Association football stadium in Tallaght, Ireland

Tallaght Stadium (Staid Thamhlachta) is an association football stadium in Ireland based in Tallaght, South Dublin. The club Shamrock Rovers originally announced details of the stadium in July 1996. The stadium is now owned and operated by South Dublin County Council with Shamrock Rovers as the anchor tenants.

==Stadium information==
The main stand holds home supporters, club officials and press. A second stand on the opposite (east) side of the ground, was completed in August, 2009. This stand holds the stadium's TV gantry and brought the seating capacity to 6,000 and currently houses away fans. A temporary south stand was constructed over a short period in early September 2011 for Rovers' games in the 2011–12 UEFA Europa League group stage. In 2019 a permanent South Stand was opened behind one of the goals, bringing the capacity to 8,000. Construction of new North Stand started in 2022, and was opened in 2024 which completed the fourth side of the ground and brought the capacity up to 10,000 seats. All four stands are covered.

Refreshment stalls are located at the southern end as is a stadium control room. In June, 2013, a scoreboard was added to the stadium control room.

Temporary seating has been constructed at the stadium three times—once for a club friendly against Real Madrid, which gave the ground a temporary capacity of 10,900 again before the 2009 FAI Cup Final, giving the ground a temporary capacity of 8,500 and for Rovers' games in the 2011–12 UEFA Europa League group stage.

===Megastore===
Located behind the North Stand is the Shamrock Rovers Megastore.

Though previously run by kit supplier, Umbro, it is now fully operated by Rovers. The Megastore was expanded in March, 2011, to include the Rovers Café. Within the Café was a large collection of memorabilia and trophies from the club's foundation in 1899 to the present day that have been donated to the Shamrock Rovers Heritage Trust and have been placed on public display. For the 2013 League of Ireland season, the cafe was replaced with a Customer service area.

===Glenmalure Suite===
Club members can visit the Glenmalure Suite 60 minutes before kick off, at half time, and after the game for 30 minutes. Occasional post match Q&A with the manager and players are held in the suite.

For the 2018 League of Ireland Premier Division season the bigger 1899 Suite opened for members.

==History==
===Planning disagreements===
The following chronology is taken from the Judgement from the High Court on the Judicial Review.

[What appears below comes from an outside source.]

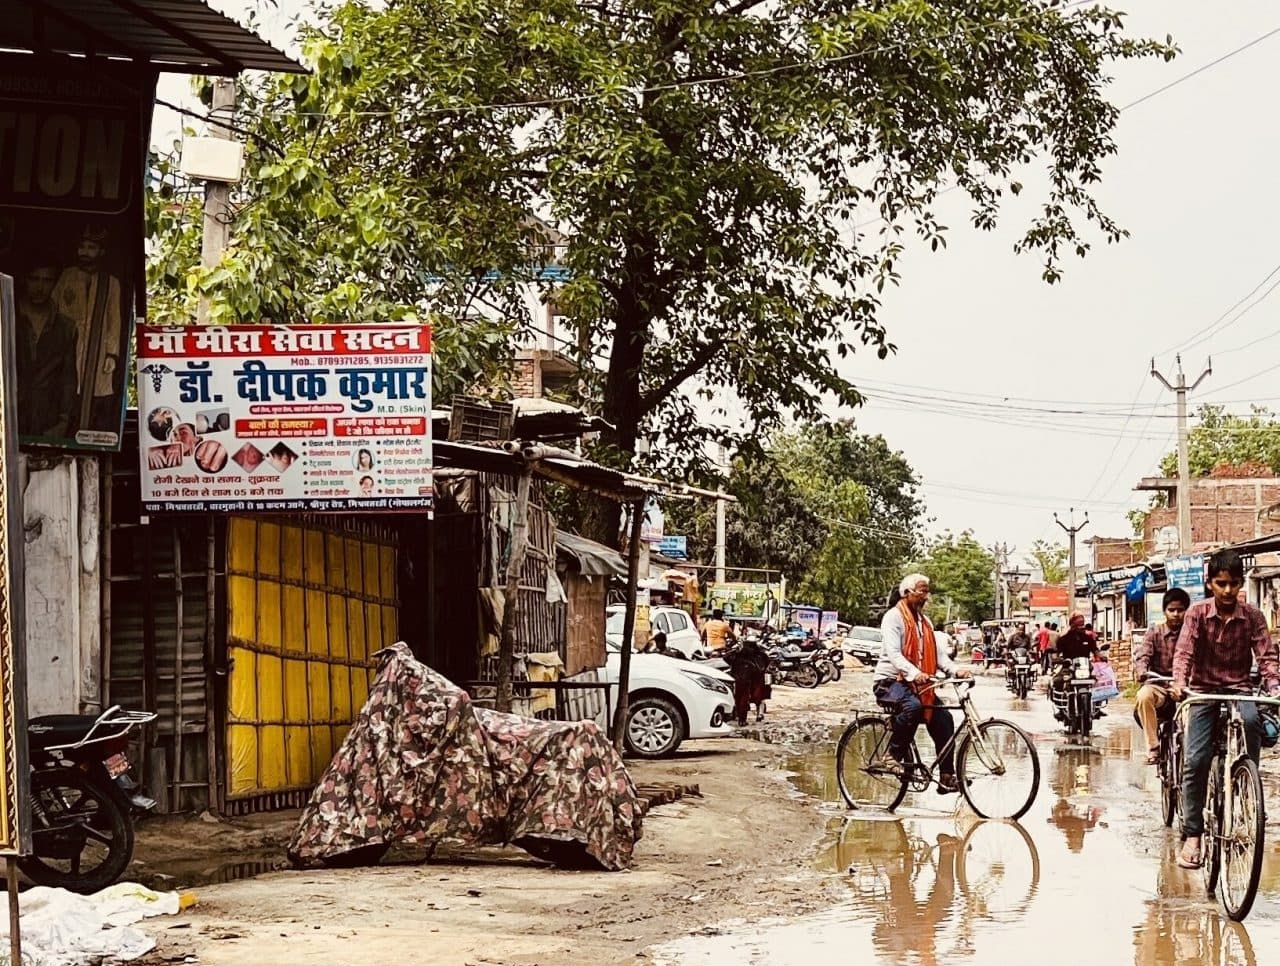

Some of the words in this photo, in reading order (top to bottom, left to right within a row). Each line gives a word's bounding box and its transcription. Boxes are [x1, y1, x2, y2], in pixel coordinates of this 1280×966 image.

On 10 February 1997, South Dublin County Council passed a resolution to lease land comprising approximately 12.18 acre at Whitestown Way for the construction of a Stadium for Shamrock Rovers F.C. On 14 January 1998, planning permission was granted and on 24 March 2000, the lease was granted to Mulden International Limited. On 20 October 2000, Mulden International Limited transferred their lease to Slonepark Company Limited to build the stadium and work commenced in October, 2000. Work ceased at the site in November, 2001, with the pitch and drainage laid, the main stand almost complete and other buildings in various states of completion.

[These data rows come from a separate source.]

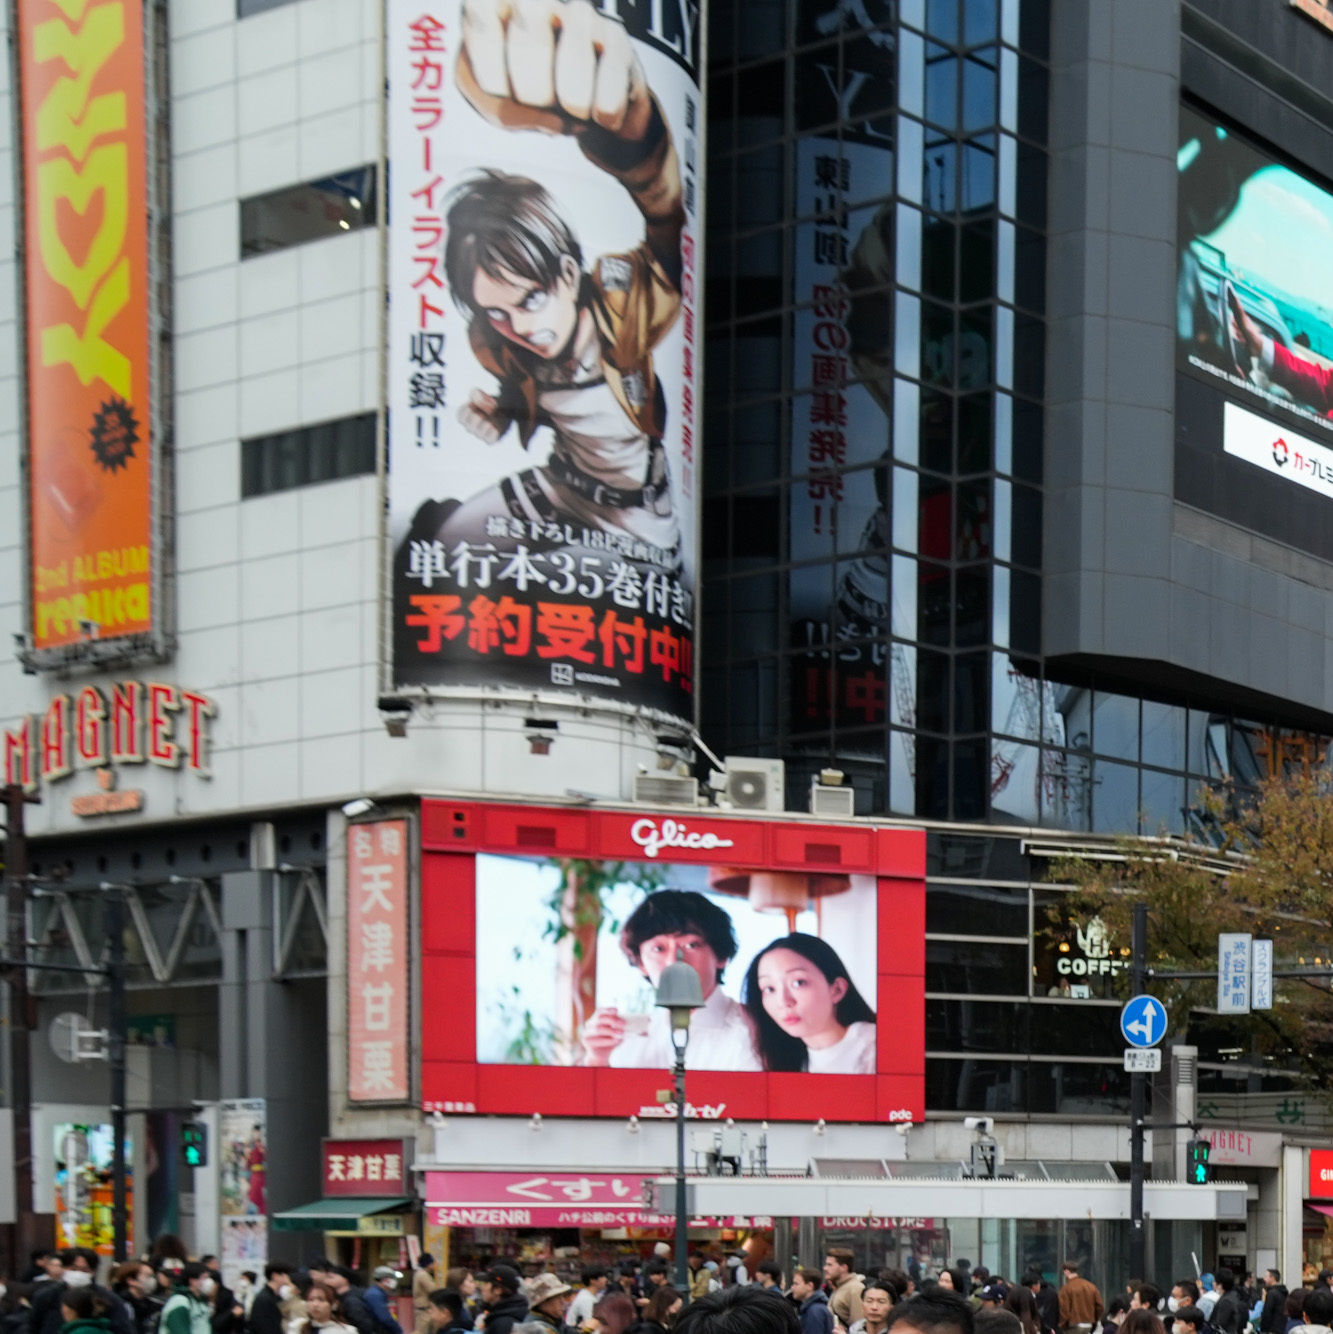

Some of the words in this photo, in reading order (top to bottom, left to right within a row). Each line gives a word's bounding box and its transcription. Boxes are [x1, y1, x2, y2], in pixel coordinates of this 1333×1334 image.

[34, 0, 132, 400] NDY
[408, 14, 447, 449] 全カラーイラスト収録!!
[73, 545, 149, 582] ALBUM
[405, 594, 692, 694] 予約受付中!!
[4, 681, 215, 793] MAGNET
[630, 818, 734, 858] Glico
[360, 864, 394, 1091] 天津甘栗
[1232, 941, 1247, 1007] 渋谷駅前
[328, 1154, 401, 1182] 天津甘栗
[437, 1208, 531, 1226] SANZENRI

Following a prolonged period where no work was carried out at the stadium and a refusal by the Planning Authority in December 2004 to extend the lease the Council terminated the lease on 4 January 2004.

An examiner was appointed to Shamrock Rovers F.C. on 11 April 2005, and the council engaged in discussions with the examiner regarding the completion of the stadium and its use by Shamrock Rovers Football Club when completed. Following the examinership process a supporters group, the '400 Club' took control of Shamrock Rovers and run the club today as the Shamrock Rovers Members Club.

A public consultation process began on 18 July 2005, to complete the soccer stadium at Sean Walsh Memorial Park. Thomas Davis CLG participated fully in the public consultation process. A county Managers report was presented to the council on 12 December 2005, which provided for the increase of playing area to accommodate senior Gaelic games and other uses subject to allocation of funds from the Department of Arts, Sports and Tourism. The council then informed the Department of the resolution and request clarification regarding funding from the department.

Plan of the first phase of the Stadium on display at the site. Note the proximity of the East (right) stand to the adjoining school. Extending the pitch dimensions would have resulted in reduction of capacity in this stand.

A reply was received from the department on 24 January 2006, stating that the Minister could not agree to make funding available for the modified development.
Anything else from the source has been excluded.